_What is being asked:_ Return all of the entries exactly, but do not include the pictures.

_Records drawn from a dataset:_
==========

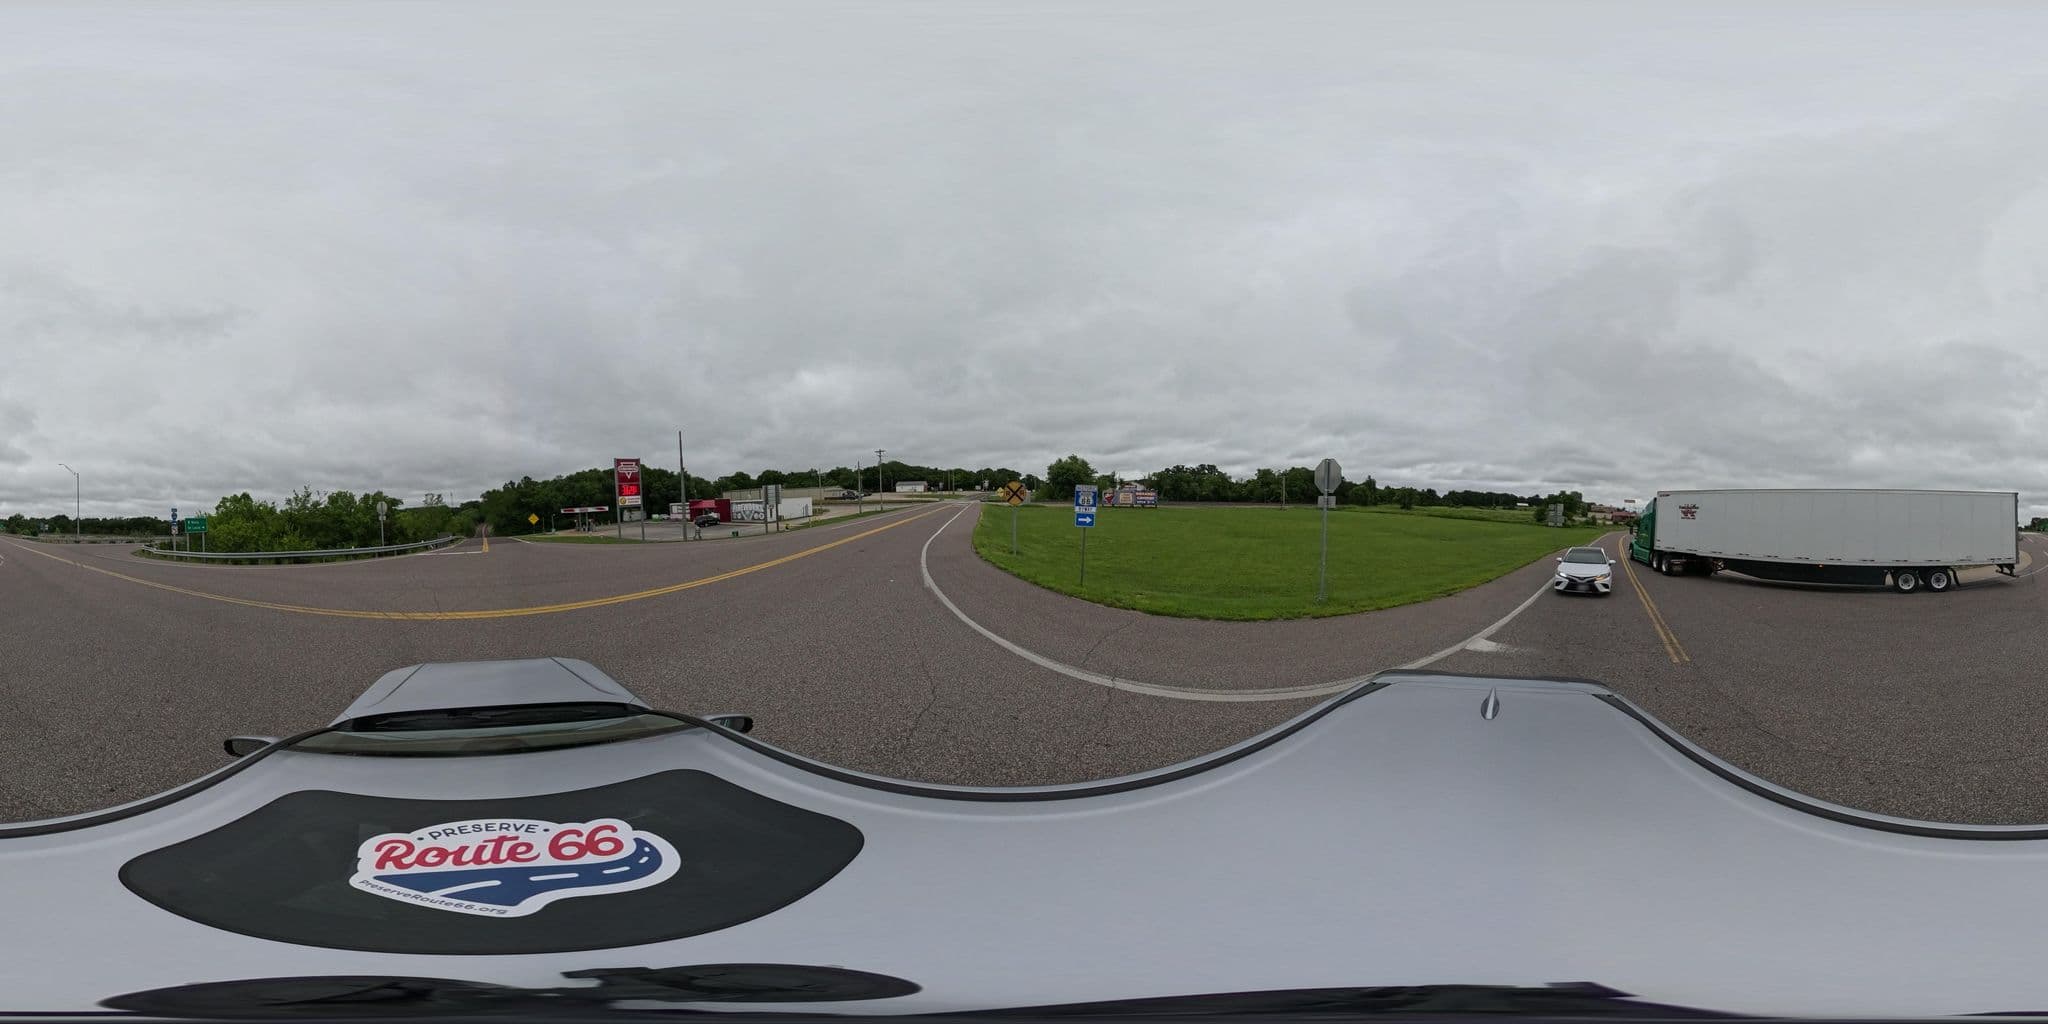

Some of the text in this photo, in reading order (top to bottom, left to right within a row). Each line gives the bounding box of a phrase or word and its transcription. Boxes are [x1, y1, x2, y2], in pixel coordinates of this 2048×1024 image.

[374, 824, 624, 870] Route 66
[428, 822, 539, 840] PRESERVE
[358, 879, 509, 915] PreserveRoute66.org
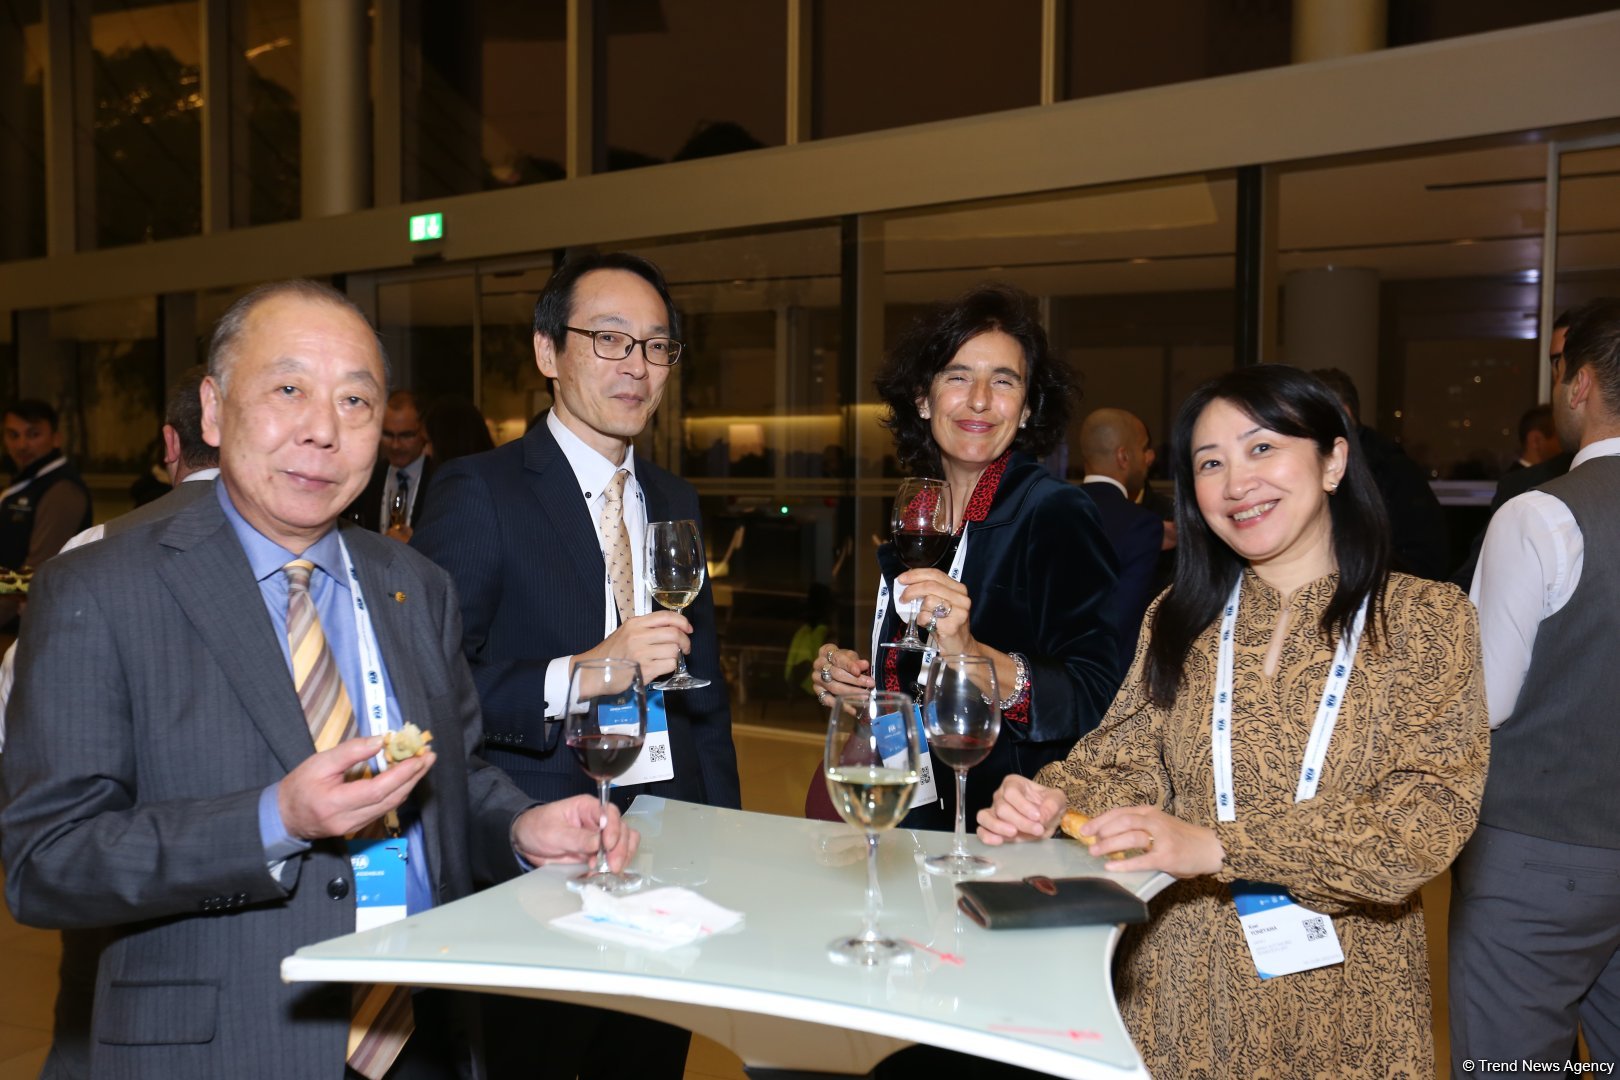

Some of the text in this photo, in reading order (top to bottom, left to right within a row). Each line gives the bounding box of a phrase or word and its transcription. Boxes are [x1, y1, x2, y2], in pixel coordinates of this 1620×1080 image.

[952, 568, 960, 579] FIA
[925, 652, 933, 663] FIA
[368, 671, 378, 685] FIA
[1334, 664, 1345, 678] FIA
[1219, 691, 1227, 703] FIA
[1326, 694, 1337, 708] FIA
[373, 705, 382, 719] FIA
[1217, 718, 1226, 731] FIA
[1305, 767, 1315, 782] FIA
[1220, 792, 1228, 806] FIA
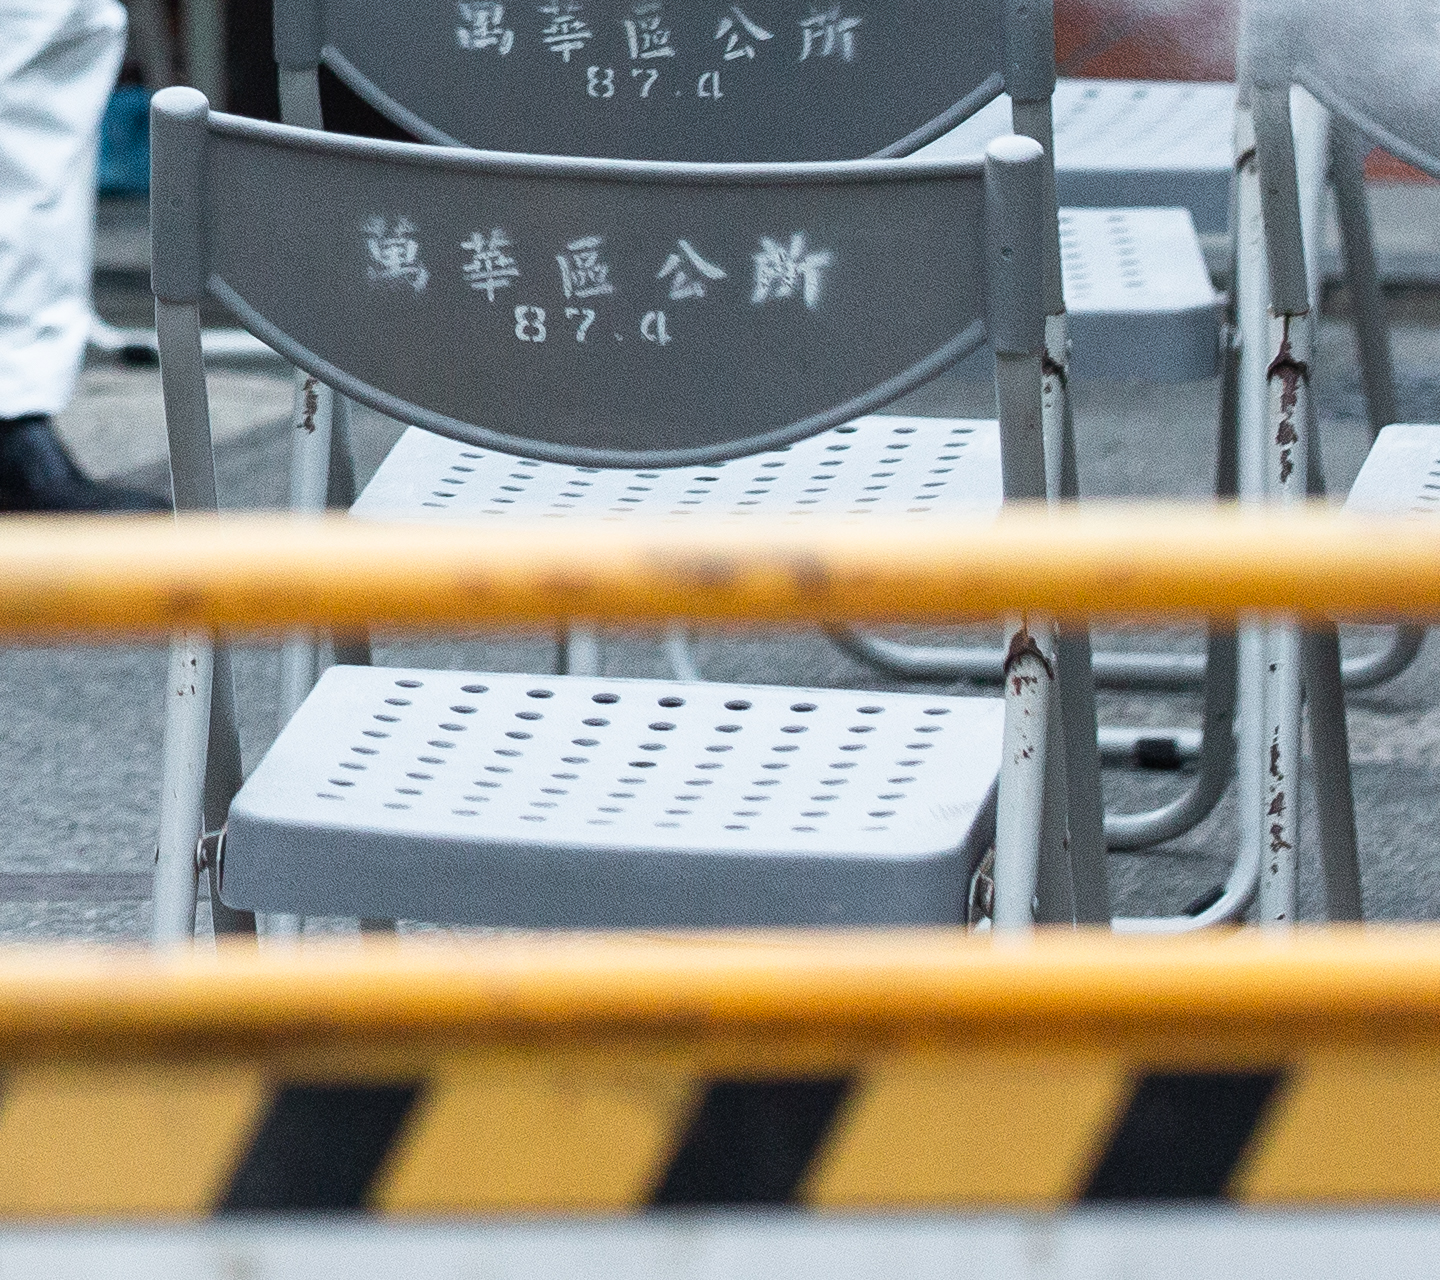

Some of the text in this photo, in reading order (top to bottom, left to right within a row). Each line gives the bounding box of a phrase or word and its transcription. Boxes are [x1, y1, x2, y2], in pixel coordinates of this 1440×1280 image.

[585, 65, 724, 101] 87.4
[360, 218, 832, 310] 萬華區公所
[514, 304, 672, 346] 87.4
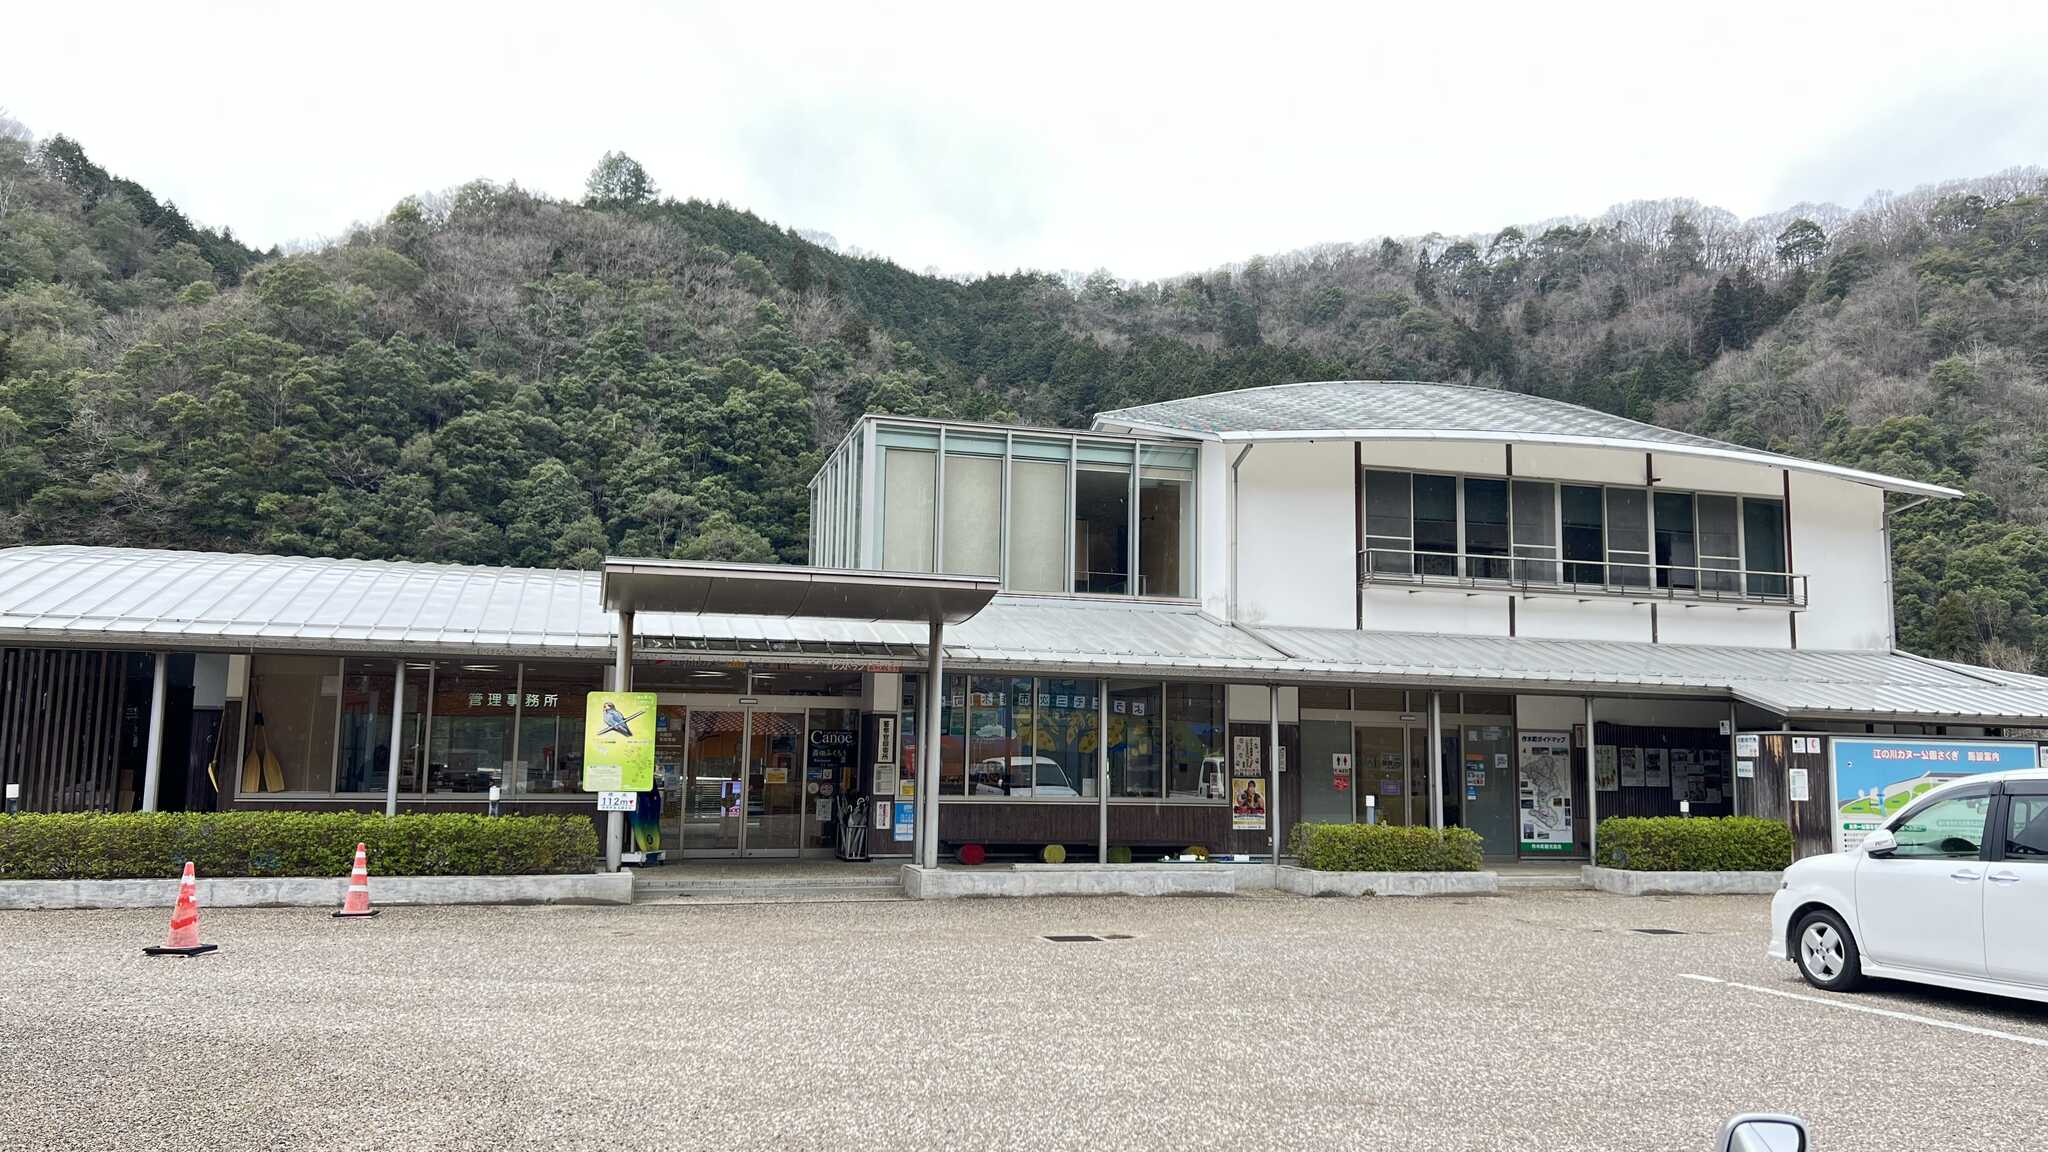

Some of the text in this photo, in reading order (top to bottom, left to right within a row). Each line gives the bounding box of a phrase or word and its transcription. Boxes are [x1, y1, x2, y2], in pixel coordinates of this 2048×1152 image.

==========

_Answer to this problem:_
Some of the text in this photo, in reading order (top to bottom, left to right within a row). Each line gives the bounding box of a phrase or word and its transcription. Boxes are [x1, y1, x2, y2], in pixel coordinates of this 2048×1024 image.

[374, 824, 624, 870] Route 66
[428, 822, 539, 840] PRESERVE
[358, 879, 509, 915] PreserveRoute66.org

Some of the text in this photo, in reading order (top to bottom, left to right within a row). Each line gives the bounding box of a phrase or word and its transcription. Boxes are [x1, y1, x2, y2], in pixel coordinates of this 1620×1080 image.

[952, 568, 960, 579] FIA
[925, 652, 933, 663] FIA
[368, 671, 378, 685] FIA
[1334, 664, 1345, 678] FIA
[1219, 691, 1227, 703] FIA
[1326, 694, 1337, 708] FIA
[373, 705, 382, 719] FIA
[1217, 718, 1226, 731] FIA
[1305, 767, 1315, 782] FIA
[1220, 792, 1228, 806] FIA

Some of the text in this photo, in reading order (top to bottom, left to right within a row). Each line gives the bounding box of a phrase or word and its transcription. Boxes are [x1, y1, x2, y2], in pixel coordinates of this 1440×1280 image.

[585, 65, 724, 101] 87.4
[360, 218, 832, 310] 萬華區公所
[514, 304, 672, 346] 87.4

Some of the text in this photo, in reading order (top to bottom, left to right within a row). Each line gives the bounding box of a phrase or word and its transcription. Boxes are [x1, y1, x2, y2], in pixel coordinates of this 2048×1152 image.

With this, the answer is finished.